### [EXERCISE]
Please reproduce the records, omitting nothing and changing nothing.

### [RECORDS PROVIDED]
..............................

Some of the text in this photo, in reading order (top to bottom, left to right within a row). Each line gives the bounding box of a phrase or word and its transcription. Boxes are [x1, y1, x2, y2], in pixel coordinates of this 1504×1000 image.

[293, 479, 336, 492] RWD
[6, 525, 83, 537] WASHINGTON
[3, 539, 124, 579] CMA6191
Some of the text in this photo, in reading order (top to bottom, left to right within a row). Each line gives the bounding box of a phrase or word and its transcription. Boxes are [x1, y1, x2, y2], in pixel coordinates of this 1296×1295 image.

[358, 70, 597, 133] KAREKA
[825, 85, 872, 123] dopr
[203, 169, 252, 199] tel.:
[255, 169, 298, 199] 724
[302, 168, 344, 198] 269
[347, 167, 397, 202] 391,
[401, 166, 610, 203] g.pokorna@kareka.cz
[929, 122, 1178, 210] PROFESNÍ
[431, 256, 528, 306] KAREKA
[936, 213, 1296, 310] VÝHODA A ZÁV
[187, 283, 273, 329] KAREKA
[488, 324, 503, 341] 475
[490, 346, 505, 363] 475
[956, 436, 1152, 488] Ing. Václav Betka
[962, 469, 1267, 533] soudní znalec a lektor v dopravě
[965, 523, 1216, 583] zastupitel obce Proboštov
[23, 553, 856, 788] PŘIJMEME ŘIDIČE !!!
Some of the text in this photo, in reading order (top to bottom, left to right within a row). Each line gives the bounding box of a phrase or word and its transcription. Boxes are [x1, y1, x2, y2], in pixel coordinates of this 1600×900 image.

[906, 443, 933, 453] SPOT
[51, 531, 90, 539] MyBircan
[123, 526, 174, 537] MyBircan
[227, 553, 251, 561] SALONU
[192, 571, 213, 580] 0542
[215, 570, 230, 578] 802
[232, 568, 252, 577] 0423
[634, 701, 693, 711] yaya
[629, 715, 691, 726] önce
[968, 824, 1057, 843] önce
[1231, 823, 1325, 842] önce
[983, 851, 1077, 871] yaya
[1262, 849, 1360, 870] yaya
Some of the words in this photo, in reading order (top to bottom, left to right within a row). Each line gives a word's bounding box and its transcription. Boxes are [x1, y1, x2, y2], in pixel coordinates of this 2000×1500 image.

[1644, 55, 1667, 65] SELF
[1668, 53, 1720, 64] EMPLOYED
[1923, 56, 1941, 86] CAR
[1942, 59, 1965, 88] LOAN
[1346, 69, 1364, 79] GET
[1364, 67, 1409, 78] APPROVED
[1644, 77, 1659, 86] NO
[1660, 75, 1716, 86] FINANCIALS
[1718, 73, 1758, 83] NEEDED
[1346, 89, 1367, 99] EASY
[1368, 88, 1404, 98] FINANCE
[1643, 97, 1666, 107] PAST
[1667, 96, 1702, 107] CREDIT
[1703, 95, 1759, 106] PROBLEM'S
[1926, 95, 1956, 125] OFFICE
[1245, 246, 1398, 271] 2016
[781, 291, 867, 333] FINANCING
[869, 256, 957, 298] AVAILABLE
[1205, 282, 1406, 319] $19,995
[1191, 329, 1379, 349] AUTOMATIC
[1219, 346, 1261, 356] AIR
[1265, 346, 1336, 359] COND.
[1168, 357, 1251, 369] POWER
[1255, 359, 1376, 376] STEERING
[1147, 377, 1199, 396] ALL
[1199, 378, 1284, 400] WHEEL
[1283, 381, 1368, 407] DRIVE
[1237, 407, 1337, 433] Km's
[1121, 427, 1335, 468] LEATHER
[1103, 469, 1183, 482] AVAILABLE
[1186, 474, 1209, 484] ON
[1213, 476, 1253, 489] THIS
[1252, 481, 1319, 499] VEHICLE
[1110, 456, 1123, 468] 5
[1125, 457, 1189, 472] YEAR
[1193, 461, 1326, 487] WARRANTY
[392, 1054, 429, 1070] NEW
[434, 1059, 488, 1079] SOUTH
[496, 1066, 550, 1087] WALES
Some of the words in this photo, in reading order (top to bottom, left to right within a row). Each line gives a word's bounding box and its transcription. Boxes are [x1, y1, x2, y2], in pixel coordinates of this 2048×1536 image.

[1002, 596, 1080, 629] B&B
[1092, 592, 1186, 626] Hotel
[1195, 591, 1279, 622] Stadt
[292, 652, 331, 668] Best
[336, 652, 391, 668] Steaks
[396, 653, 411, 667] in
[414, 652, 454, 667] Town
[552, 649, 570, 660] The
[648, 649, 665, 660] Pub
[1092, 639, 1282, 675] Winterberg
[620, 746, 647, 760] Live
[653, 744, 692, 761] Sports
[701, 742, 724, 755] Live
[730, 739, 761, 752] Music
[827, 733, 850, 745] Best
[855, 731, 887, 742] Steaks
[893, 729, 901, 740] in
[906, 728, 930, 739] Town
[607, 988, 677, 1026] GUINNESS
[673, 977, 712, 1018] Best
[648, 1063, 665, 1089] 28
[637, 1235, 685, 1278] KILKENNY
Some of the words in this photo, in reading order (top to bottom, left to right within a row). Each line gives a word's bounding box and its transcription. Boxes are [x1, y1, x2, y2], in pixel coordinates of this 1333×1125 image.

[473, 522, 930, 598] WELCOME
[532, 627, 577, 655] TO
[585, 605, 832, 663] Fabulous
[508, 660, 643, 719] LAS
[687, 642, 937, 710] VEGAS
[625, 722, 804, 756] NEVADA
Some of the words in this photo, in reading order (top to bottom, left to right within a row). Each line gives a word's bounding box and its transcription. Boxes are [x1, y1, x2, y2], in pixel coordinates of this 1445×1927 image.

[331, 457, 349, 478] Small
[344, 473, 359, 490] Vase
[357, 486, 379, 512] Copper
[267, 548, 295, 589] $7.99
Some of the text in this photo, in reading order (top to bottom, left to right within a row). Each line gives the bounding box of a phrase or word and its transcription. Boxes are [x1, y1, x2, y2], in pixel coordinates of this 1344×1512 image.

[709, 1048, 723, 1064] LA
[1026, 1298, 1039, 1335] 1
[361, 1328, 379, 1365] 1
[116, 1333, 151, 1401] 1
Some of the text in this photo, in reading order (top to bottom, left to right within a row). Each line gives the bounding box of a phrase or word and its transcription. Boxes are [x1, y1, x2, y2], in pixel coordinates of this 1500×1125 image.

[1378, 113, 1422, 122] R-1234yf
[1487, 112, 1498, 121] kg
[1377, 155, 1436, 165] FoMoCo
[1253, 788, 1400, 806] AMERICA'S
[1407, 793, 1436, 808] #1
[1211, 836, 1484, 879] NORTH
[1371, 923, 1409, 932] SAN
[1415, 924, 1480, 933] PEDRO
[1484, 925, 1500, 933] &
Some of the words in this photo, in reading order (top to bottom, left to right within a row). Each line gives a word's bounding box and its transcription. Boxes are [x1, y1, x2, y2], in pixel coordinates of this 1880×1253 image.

..............................

### [EXPECTED ANSWER]
Some of the text in this photo, in reading order (top to bottom, left to right within a row). Each line gives the bounding box of a phrase or word and its transcription. Boxes are [x1, y1, x2, y2], in pixel coordinates of this 1504×1000 image.

[293, 479, 336, 492] RWD
[6, 525, 83, 537] WASHINGTON
[3, 539, 124, 579] CMA6191
Some of the text in this photo, in reading order (top to bottom, left to right within a row). Each line gives the bounding box of a phrase or word and its transcription. Boxes are [x1, y1, x2, y2], in pixel coordinates of this 1296×1295 image.

[358, 70, 597, 133] KAREKA
[825, 85, 872, 123] dopr
[203, 169, 252, 199] tel.:
[255, 169, 298, 199] 724
[302, 168, 344, 198] 269
[347, 167, 397, 202] 391,
[401, 166, 610, 203] g.pokorna@kareka.cz
[929, 122, 1178, 210] PROFESNÍ
[431, 256, 528, 306] KAREKA
[936, 213, 1296, 310] VÝHODA A ZÁV
[187, 283, 273, 329] KAREKA
[488, 324, 503, 341] 475
[490, 346, 505, 363] 475
[956, 436, 1152, 488] Ing. Václav Betka
[962, 469, 1267, 533] soudní znalec a lektor v dopravě
[965, 523, 1216, 583] zastupitel obce Proboštov
[23, 553, 856, 788] PŘIJMEME ŘIDIČE !!!
Some of the text in this photo, in reading order (top to bottom, left to right within a row). Each line gives the bounding box of a phrase or word and its transcription. Boxes are [x1, y1, x2, y2], in pixel coordinates of this 1600×900 image.

[906, 443, 933, 453] SPOT
[51, 531, 90, 539] MyBircan
[123, 526, 174, 537] MyBircan
[227, 553, 251, 561] SALONU
[192, 571, 213, 580] 0542
[215, 570, 230, 578] 802
[232, 568, 252, 577] 0423
[634, 701, 693, 711] yaya
[629, 715, 691, 726] önce
[968, 824, 1057, 843] önce
[1231, 823, 1325, 842] önce
[983, 851, 1077, 871] yaya
[1262, 849, 1360, 870] yaya
Some of the words in this photo, in reading order (top to bottom, left to right within a row). Each line gives a word's bounding box and its transcription. Boxes are [x1, y1, x2, y2], in pixel coordinates of this 2000×1500 image.

[1644, 55, 1667, 65] SELF
[1668, 53, 1720, 64] EMPLOYED
[1923, 56, 1941, 86] CAR
[1942, 59, 1965, 88] LOAN
[1346, 69, 1364, 79] GET
[1364, 67, 1409, 78] APPROVED
[1644, 77, 1659, 86] NO
[1660, 75, 1716, 86] FINANCIALS
[1718, 73, 1758, 83] NEEDED
[1346, 89, 1367, 99] EASY
[1368, 88, 1404, 98] FINANCE
[1643, 97, 1666, 107] PAST
[1667, 96, 1702, 107] CREDIT
[1703, 95, 1759, 106] PROBLEM'S
[1926, 95, 1956, 125] OFFICE
[1245, 246, 1398, 271] 2016
[781, 291, 867, 333] FINANCING
[869, 256, 957, 298] AVAILABLE
[1205, 282, 1406, 319] $19,995
[1191, 329, 1379, 349] AUTOMATIC
[1219, 346, 1261, 356] AIR
[1265, 346, 1336, 359] COND.
[1168, 357, 1251, 369] POWER
[1255, 359, 1376, 376] STEERING
[1147, 377, 1199, 396] ALL
[1199, 378, 1284, 400] WHEEL
[1283, 381, 1368, 407] DRIVE
[1237, 407, 1337, 433] Km's
[1121, 427, 1335, 468] LEATHER
[1103, 469, 1183, 482] AVAILABLE
[1186, 474, 1209, 484] ON
[1213, 476, 1253, 489] THIS
[1252, 481, 1319, 499] VEHICLE
[1110, 456, 1123, 468] 5
[1125, 457, 1189, 472] YEAR
[1193, 461, 1326, 487] WARRANTY
[392, 1054, 429, 1070] NEW
[434, 1059, 488, 1079] SOUTH
[496, 1066, 550, 1087] WALES
Some of the words in this photo, in reading order (top to bottom, left to right within a row). Each line gives a word's bounding box and its transcription. Boxes are [x1, y1, x2, y2], in pixel coordinates of this 2048×1536 image.

[1002, 596, 1080, 629] B&B
[1092, 592, 1186, 626] Hotel
[1195, 591, 1279, 622] Stadt
[292, 652, 331, 668] Best
[336, 652, 391, 668] Steaks
[396, 653, 411, 667] in
[414, 652, 454, 667] Town
[552, 649, 570, 660] The
[648, 649, 665, 660] Pub
[1092, 639, 1282, 675] Winterberg
[620, 746, 647, 760] Live
[653, 744, 692, 761] Sports
[701, 742, 724, 755] Live
[730, 739, 761, 752] Music
[827, 733, 850, 745] Best
[855, 731, 887, 742] Steaks
[893, 729, 901, 740] in
[906, 728, 930, 739] Town
[607, 988, 677, 1026] GUINNESS
[673, 977, 712, 1018] Best
[648, 1063, 665, 1089] 28
[637, 1235, 685, 1278] KILKENNY
Some of the words in this photo, in reading order (top to bottom, left to right within a row). Each line gives a word's bounding box and its transcription. Boxes are [x1, y1, x2, y2], in pixel coordinates of this 1333×1125 image.

[473, 522, 930, 598] WELCOME
[532, 627, 577, 655] TO
[585, 605, 832, 663] Fabulous
[508, 660, 643, 719] LAS
[687, 642, 937, 710] VEGAS
[625, 722, 804, 756] NEVADA
Some of the words in this photo, in reading order (top to bottom, left to right within a row). Each line gives a word's bounding box and its transcription. Boxes are [x1, y1, x2, y2], in pixel coordinates of this 1445×1927 image.

[331, 457, 349, 478] Small
[344, 473, 359, 490] Vase
[357, 486, 379, 512] Copper
[267, 548, 295, 589] $7.99
Some of the text in this photo, in reading order (top to bottom, left to right within a row). Each line gives the bounding box of a phrase or word and its transcription. Boxes are [x1, y1, x2, y2], in pixel coordinates of this 1344×1512 image.

[709, 1048, 723, 1064] LA
[1026, 1298, 1039, 1335] 1
[361, 1328, 379, 1365] 1
[116, 1333, 151, 1401] 1
Some of the text in this photo, in reading order (top to bottom, left to right within a row). Each line gives the bounding box of a phrase or word and its transcription. Boxes are [x1, y1, x2, y2], in pixel coordinates of this 1500×1125 image.

[1378, 113, 1422, 122] R-1234yf
[1487, 112, 1498, 121] kg
[1377, 155, 1436, 165] FoMoCo
[1253, 788, 1400, 806] AMERICA'S
[1407, 793, 1436, 808] #1
[1211, 836, 1484, 879] NORTH
[1371, 923, 1409, 932] SAN
[1415, 924, 1480, 933] PEDRO
[1484, 925, 1500, 933] &
Some of the words in this photo, in reading order (top to bottom, left to right within a row). Each line gives a word's bounding box and its transcription. Boxes are [x1, y1, x2, y2], in pixel coordinates of this 1880×1253 image.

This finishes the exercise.